Records from a data source:
# # # #
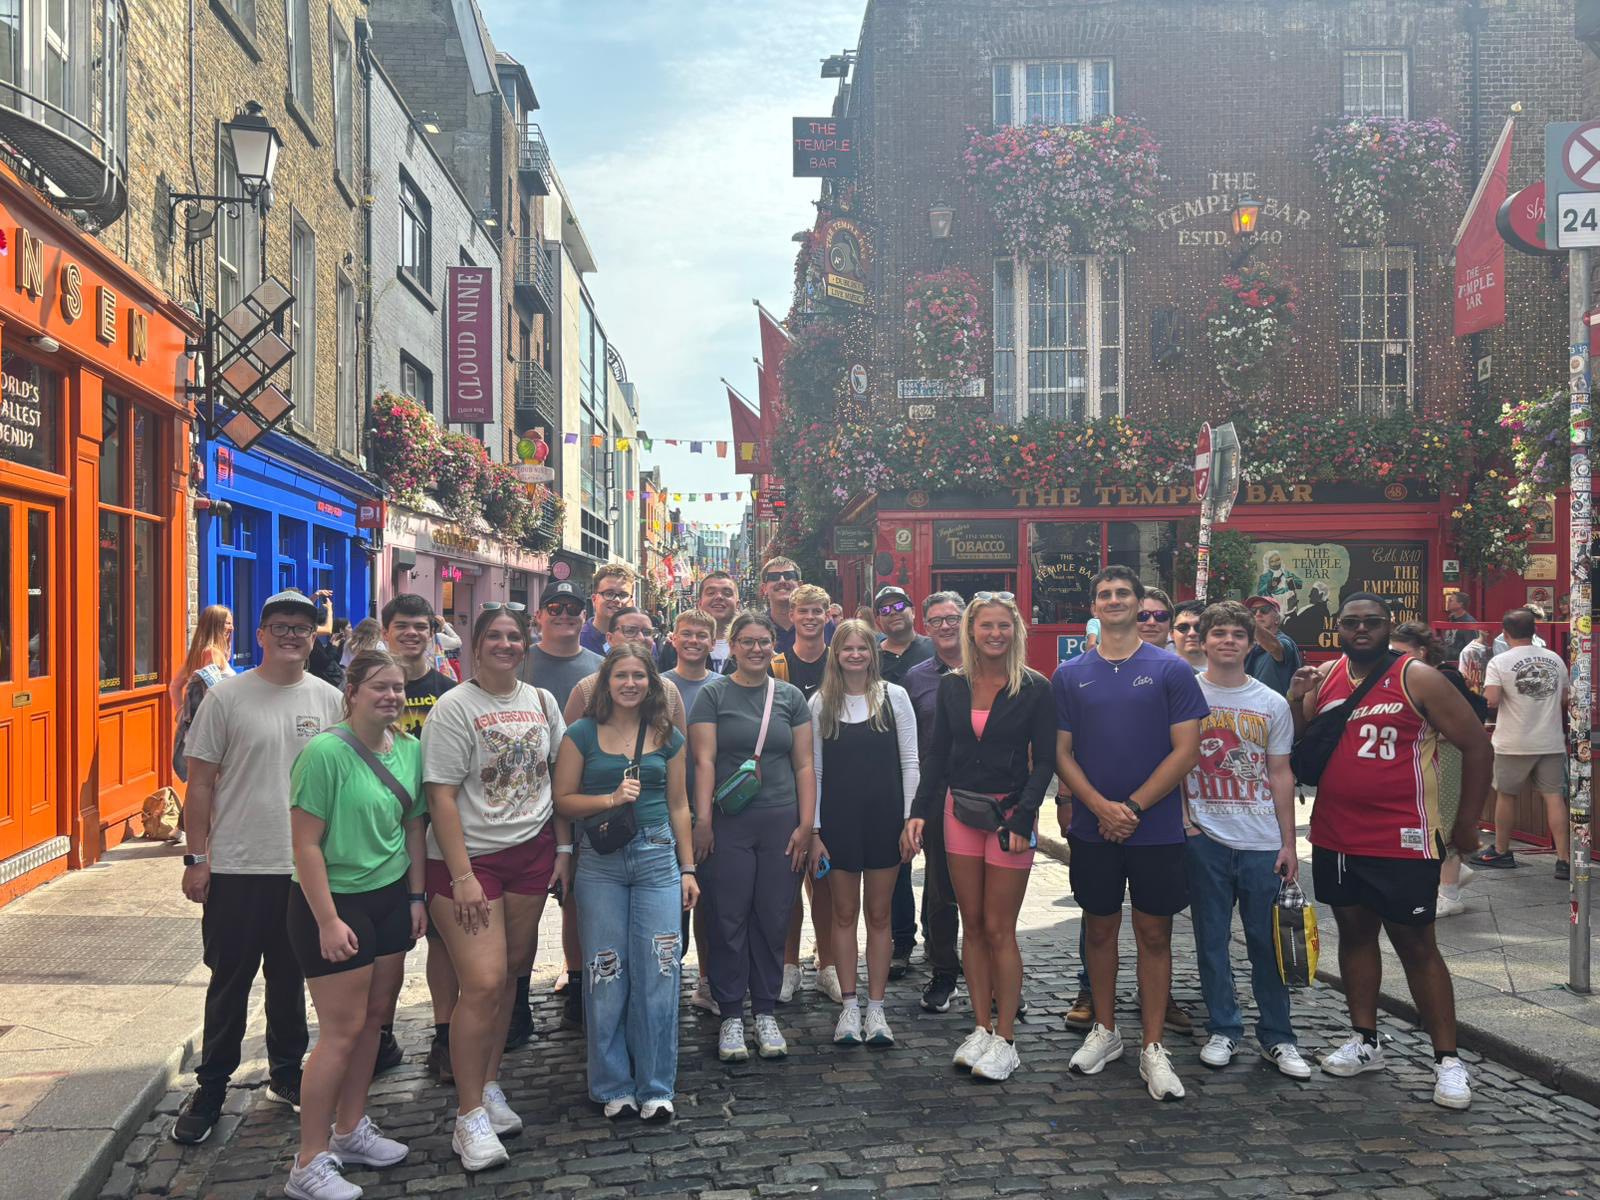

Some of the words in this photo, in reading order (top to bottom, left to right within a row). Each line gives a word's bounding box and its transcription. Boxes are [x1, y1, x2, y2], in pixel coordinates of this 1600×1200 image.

[809, 122, 837, 135] THE
[795, 139, 850, 152] TEMPLE
[810, 157, 837, 168] BAR
[1208, 172, 1259, 191] THE
[1156, 193, 1242, 230] TEMPL
[1261, 197, 1312, 230] BAR
[1562, 207, 1598, 233] 24
[16, 227, 148, 361] NSEN
[457, 273, 483, 323] NINE
[457, 331, 483, 400] CLOUD
[1, 371, 40, 403] ORLD'S
[1, 399, 42, 428] ALLEST
[1012, 488, 1081, 506] THE
[1095, 486, 1199, 506] TEMP
[1246, 484, 1314, 503] BAR
[946, 537, 1005, 558] TOBACCO
[1060, 553, 1074, 561] THE
[1304, 547, 1331, 559] THE
[1036, 563, 1076, 584] TEMPLE
[1293, 558, 1342, 569] TEMPLE
[1393, 565, 1419, 580] THE
[1304, 568, 1330, 580] BAR
[1363, 580, 1420, 594] EMPEROR
[1404, 594, 1419, 609] OF
[1348, 702, 1404, 722] ELAND
[1239, 713, 1269, 751] CITY
[1357, 723, 1398, 760] 23
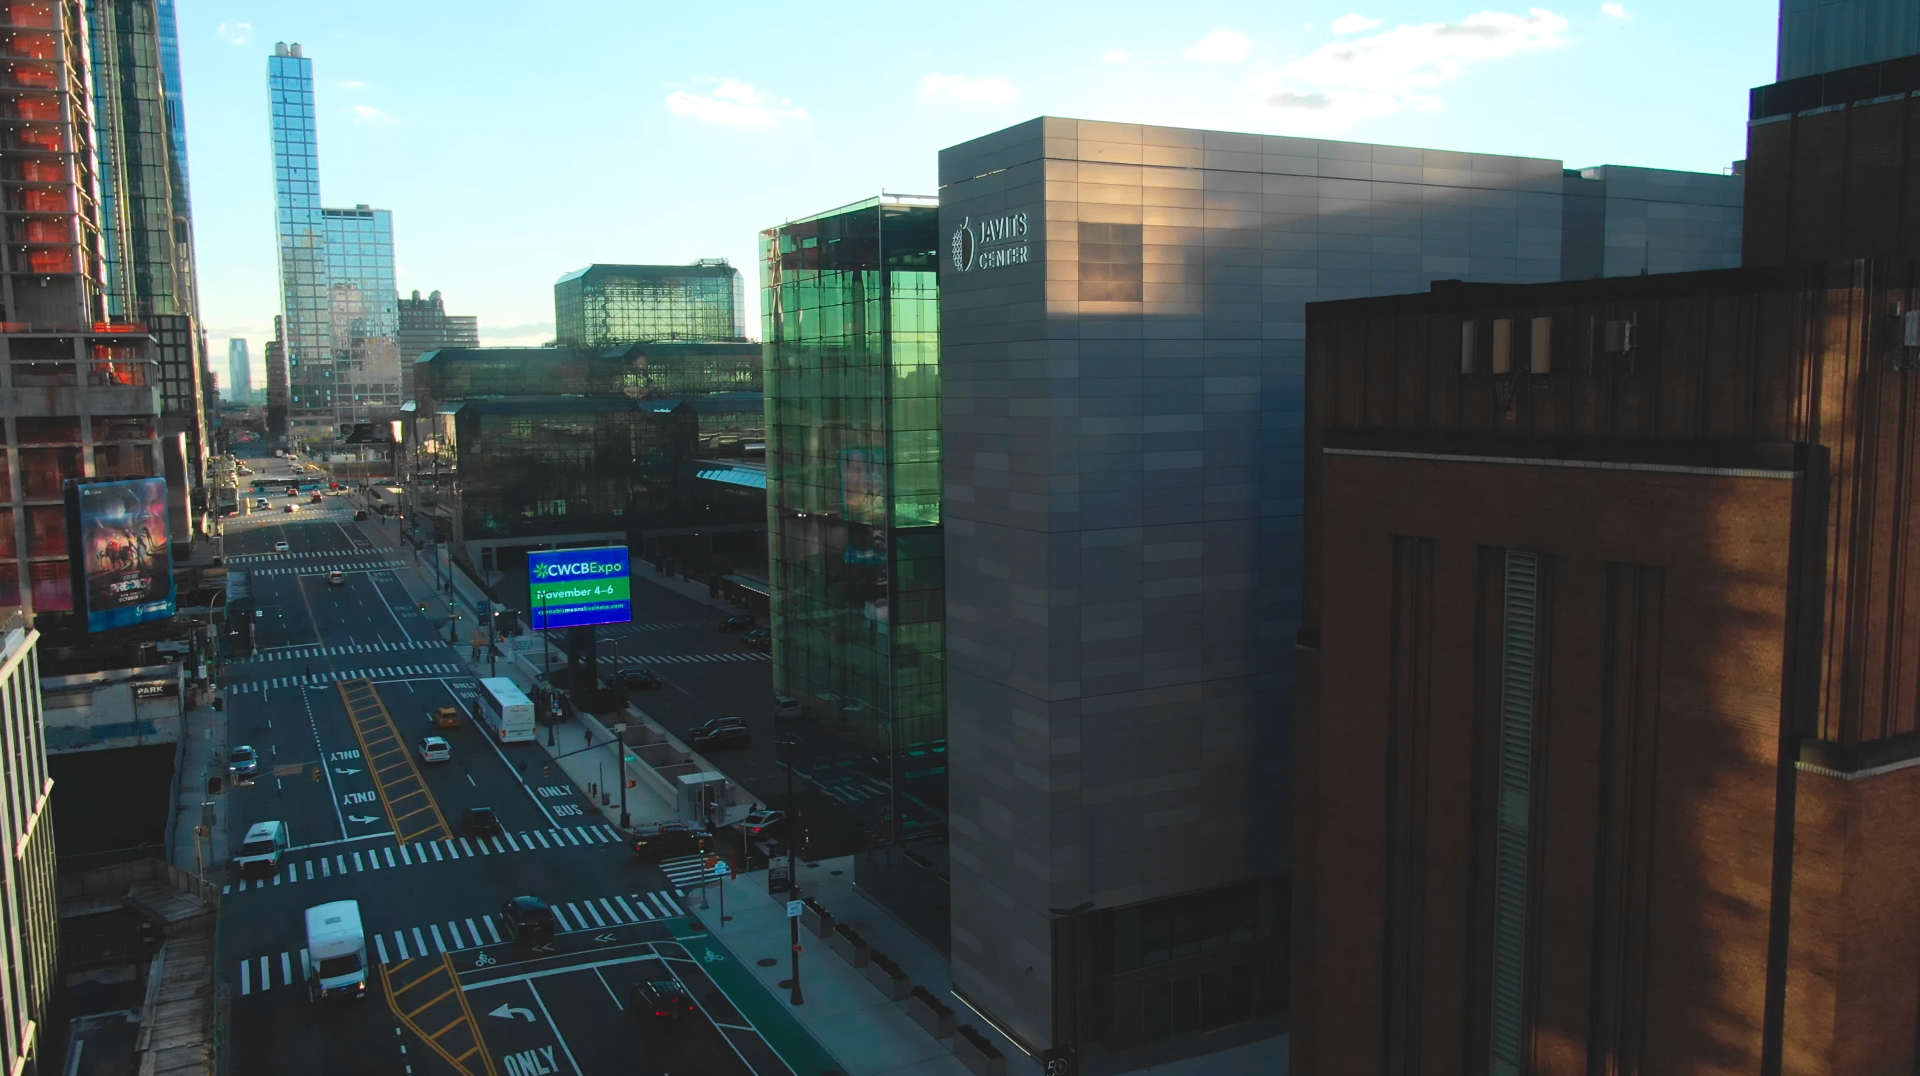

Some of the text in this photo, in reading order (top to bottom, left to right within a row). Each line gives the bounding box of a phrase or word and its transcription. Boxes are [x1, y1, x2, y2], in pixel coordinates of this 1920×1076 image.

[978, 212, 1028, 244] JAVITS
[979, 245, 1028, 270] CENTER
[548, 562, 622, 576] CWCBExpo
[537, 587, 592, 600] November
[137, 685, 164, 695] PARK
[330, 749, 360, 762] ONLY
[343, 790, 376, 805] ONLY
[537, 784, 573, 798] ONLY
[552, 804, 583, 817] BUS
[503, 1045, 560, 1076] ONLY
# # # #
Write every line above out again exactly; pictures do not belong in the copy.

* PROBLEM SOLUTION
Some of the words in this photo, in reading order (top to bottom, left to right within a row). Each line gives a word's bounding box and its transcription. Boxes are [x1, y1, x2, y2], in pixel coordinates of this 1600×1200 image.

[809, 122, 837, 135] THE
[795, 139, 850, 152] TEMPLE
[810, 157, 837, 168] BAR
[1208, 172, 1259, 191] THE
[1156, 193, 1242, 230] TEMPL
[1261, 197, 1312, 230] BAR
[1562, 207, 1598, 233] 24
[16, 227, 148, 361] NSEN
[457, 273, 483, 323] NINE
[457, 331, 483, 400] CLOUD
[1, 371, 40, 403] ORLD'S
[1, 399, 42, 428] ALLEST
[1012, 488, 1081, 506] THE
[1095, 486, 1199, 506] TEMP
[1246, 484, 1314, 503] BAR
[946, 537, 1005, 558] TOBACCO
[1060, 553, 1074, 561] THE
[1304, 547, 1331, 559] THE
[1036, 563, 1076, 584] TEMPLE
[1293, 558, 1342, 569] TEMPLE
[1393, 565, 1419, 580] THE
[1304, 568, 1330, 580] BAR
[1363, 580, 1420, 594] EMPEROR
[1404, 594, 1419, 609] OF
[1348, 702, 1404, 722] ELAND
[1239, 713, 1269, 751] CITY
[1357, 723, 1398, 760] 23

Some of the text in this photo, in reading order (top to bottom, left to right within a row). Each line gives the bounding box of a phrase or word and its transcription. Boxes are [x1, y1, x2, y2], in pixel coordinates of this 1920×1076 image.

[978, 212, 1028, 244] JAVITS
[979, 245, 1028, 270] CENTER
[548, 562, 622, 576] CWCBExpo
[537, 587, 592, 600] November
[137, 685, 164, 695] PARK
[330, 749, 360, 762] ONLY
[343, 790, 376, 805] ONLY
[537, 784, 573, 798] ONLY
[552, 804, 583, 817] BUS
[503, 1045, 560, 1076] ONLY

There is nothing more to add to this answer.